Istnieją dwie wersje. Według pierwszej z nich, Eirikssona, po drodze na Grenlandię, wiatr zwiał z kursu, i całkiem przypadkowo dotarł on do brzegów północno-zachodniej. Ameryki w roku 1000, w ten sposób, o prawie pięć stuleci wyprzedzając Kolumba. Natomiast według Sagi Grenlandzkiej, odkrycie Eirikssona nie było przypadkowe. Saga donosi, że Leiv przygotował wyprawę i pożeglował na zachód, aby zebrać dowody popierające twierdzenia islandzkiego kupca Bjarniego Herjulfssona. W 986 roku Herjulfsson, zepchnięty daleko z kursu przez gwałtowny sztorm pomiędzy Islandią a Grenlandią, doniósł o tym, jakoby widział daleko na zachodzie pagórkowaty, pokryty lasem ląd. Herjulfsson był zapewne pierwszym Europejczykiem, który zobaczył kontynent północnoamerykański, jednak nigdy nie pojawił się na jego brzegu. Leiv Eiriksson, ośmielony ówczesnymi opowieściami o potencjalnych odkryciach, jak też nieustanną potrzebą posiadania ziemi pod uprawę, kupił od Bjarniego jego statek i wyruszył w drogę. Jeżeli Saga Grenlandzka jest bliższa prawdy (a ponoć jest uważana za bardzo wiarygodną) to jednak była to wyprawa w nieznane, no może prawie nieznane, była to pogoń za mrzonką, która mogła okazać się tyko złudzeniem optycznym, morską fata morganą. I była to typowa wyprawa odkrywcza.
|
|
|
|
|
|
|
|
QUOTE Istnieją dwie wersje. Według pierwszej z nich, Eirikssona, po drodze na Grenlandię, wiatr zwiał z kursu, i całkiem przypadkowo dotarł on do brzegów północno-zachodniej. Ameryki w roku 1000, w ten sposób, o prawie pięć stuleci wyprzedzając Kolumba. Natomiast według Sagi Grenlandzkiej, odkrycie Eirikssona nie było przypadkowe. Saga donosi, że Leiv przygotował wyprawę i pożeglował na zachód, aby zebrać dowody popierające twierdzenia islandzkiego kupca Bjarniego Herjulfssona. W 986 roku Herjulfsson, zepchnięty daleko z kursu przez gwałtowny sztorm pomiędzy Islandią a Grenlandią, doniósł o tym, jakoby widział daleko na zachodzie pagórkowaty, pokryty lasem ląd. Herjulfsson był zapewne pierwszym Europejczykiem, który zobaczył kontynent północnoamerykański, jednak nigdy nie pojawił się na jego brzegu. Leiv Eiriksson, ośmielony ówczesnymi opowieściami o potencjalnych odkryciach, jak też nieustanną potrzebą posiadania ziemi pod uprawę, kupił od Bjarniego jego statek i wyruszył w drogę. Niezależnie od wersji, stały pozostaje fakt, że ten, kto po raz pierwszy zobaczył Winlandię, trafił tam przez przypadek. Zaplanowana wyprawa nie poszła w ciemno.

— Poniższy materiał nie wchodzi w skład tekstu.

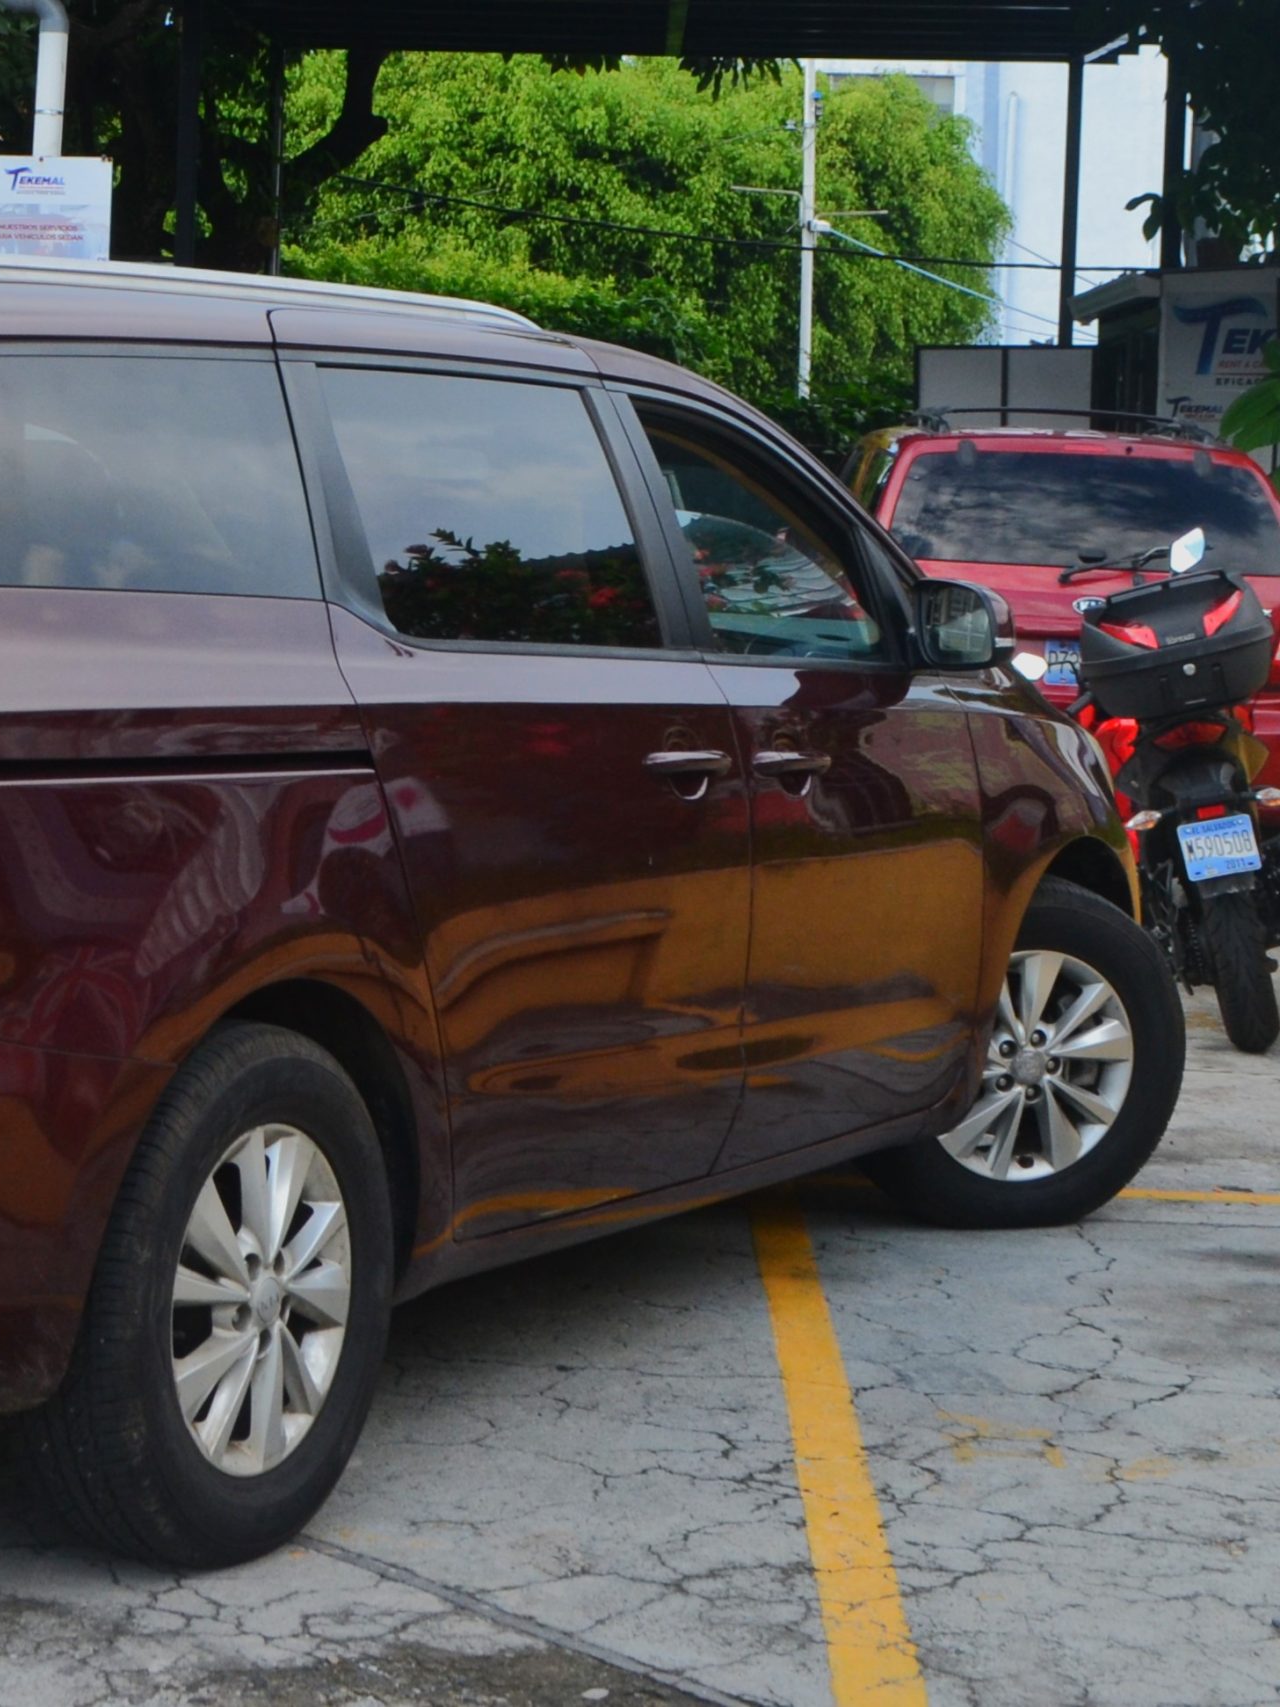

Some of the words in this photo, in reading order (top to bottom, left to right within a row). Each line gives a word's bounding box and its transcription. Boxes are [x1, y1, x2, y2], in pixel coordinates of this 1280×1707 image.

[4, 166, 66, 191] TEKEMAL
[1172, 296, 1277, 375] TEK
[1215, 377, 1262, 386] EFICAC
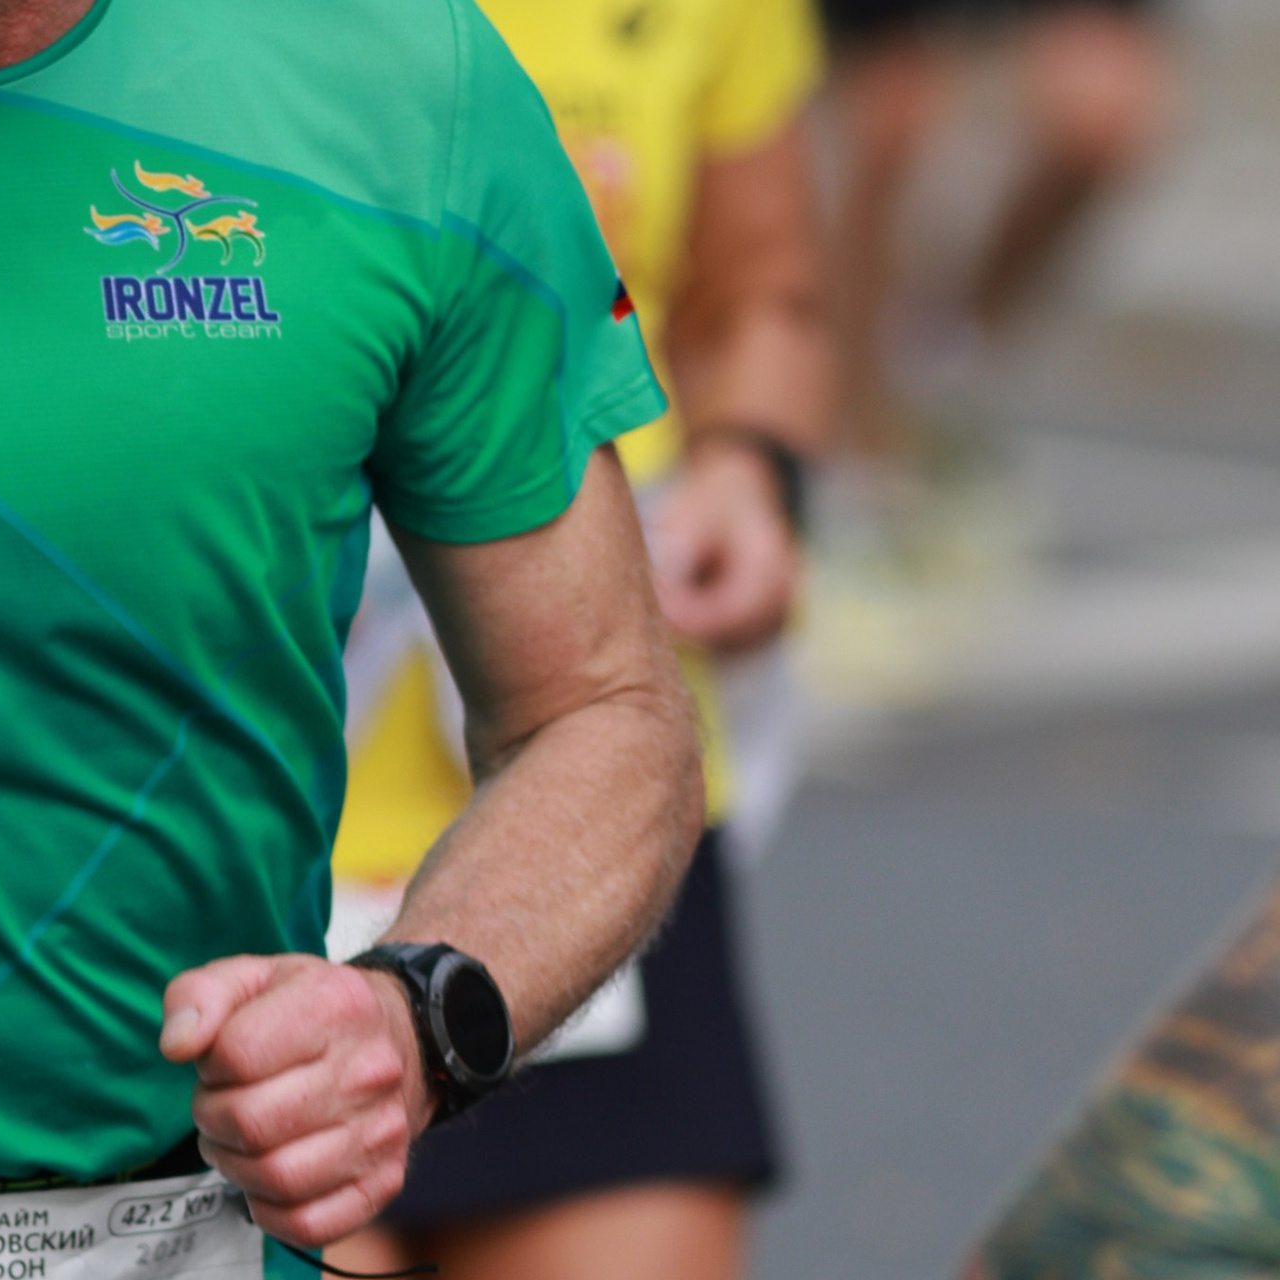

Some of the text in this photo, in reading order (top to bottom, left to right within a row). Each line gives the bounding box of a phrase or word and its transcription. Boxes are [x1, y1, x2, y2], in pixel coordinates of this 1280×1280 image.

[102, 276, 280, 322] IRONZEL
[106, 322, 281, 342] sport team
[121, 1199, 173, 1227] 42,2
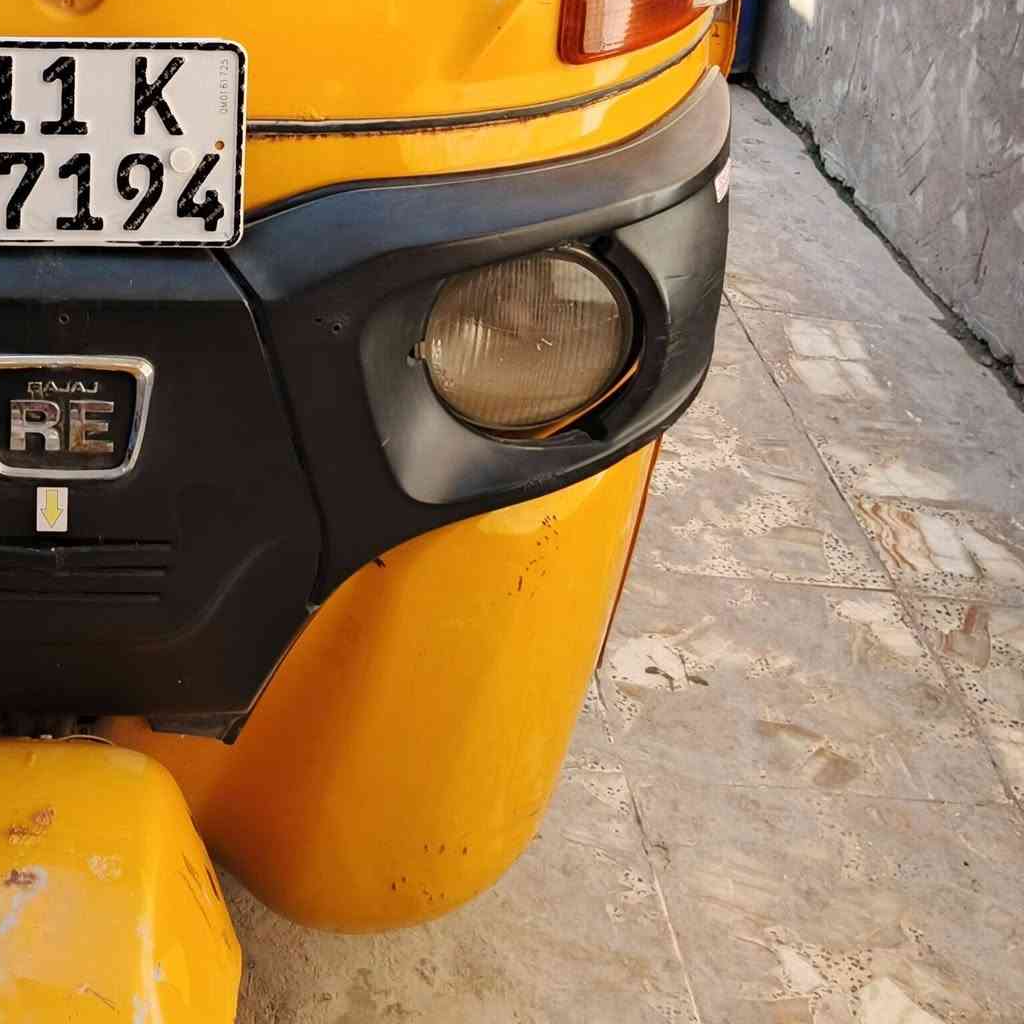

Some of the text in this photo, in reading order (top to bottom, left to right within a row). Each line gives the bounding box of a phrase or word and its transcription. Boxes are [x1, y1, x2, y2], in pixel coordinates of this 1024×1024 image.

[133, 56, 186, 136] K
[27, 381, 98, 394] BAJAJ
[9, 399, 114, 453] RE

QUOTE Jeżeli Saga Grenlandzka jest bliższa prawdy (a ponoć jest uważana za bardzo wiarygodną) to jednak była to wyprawa w nieznane, no może prawie nieznane, była to pogoń za mrzonką, która mogła okazać się tyko złudzeniem optycznym, morską fata morganą. I była to typowa wyprawa odkrywcza. Może nie traktowali tego jako mrzonki, złudzenia optycznego ani fatamorgany bo doświadczenia wiedzieli, że na takich obserwacjach można polegać?
|
|
|
|
|
|
|
|
Jak nie wiadomo o co chodzi, to ZAWSZE chodzi o pieniądze! Kilka osób już o tym napisało wczesniej. Europa potrzebowała towarów luksusowych ze wschodu (przede wszystkim korzeni). Mogła je zdobyć slono płacąc kruszcami. Tak więc chciała wyeliminować pośredników z handlu i porządane towary zdobyć taniej, sowicie na tym zarabiając/oszczędzając (czyli zlikwidować/ograniczyć ujemny bilans handlowy ze Wschodem). I tyle. Cała reszta to pochodne tego stanu rzeczy.
|
|
|
|
|
|
|
|
QUOTE(Aquarius @ 18/09/2009, 21:18) W 986 roku Herjulfsson, zepchnięty daleko z kursu przez gwałtowny sztorm pomiędzy Islandią a Grenlandią, doniósł o tym, jakoby widział daleko na zachodzie pagórkowaty, pokryty lasem ląd. Herjulfsson był zapewne pierwszym Europejczykiem, który zobaczył kontynent północnoamerykański, jednak nigdy nie pojawił się na jego brzegu.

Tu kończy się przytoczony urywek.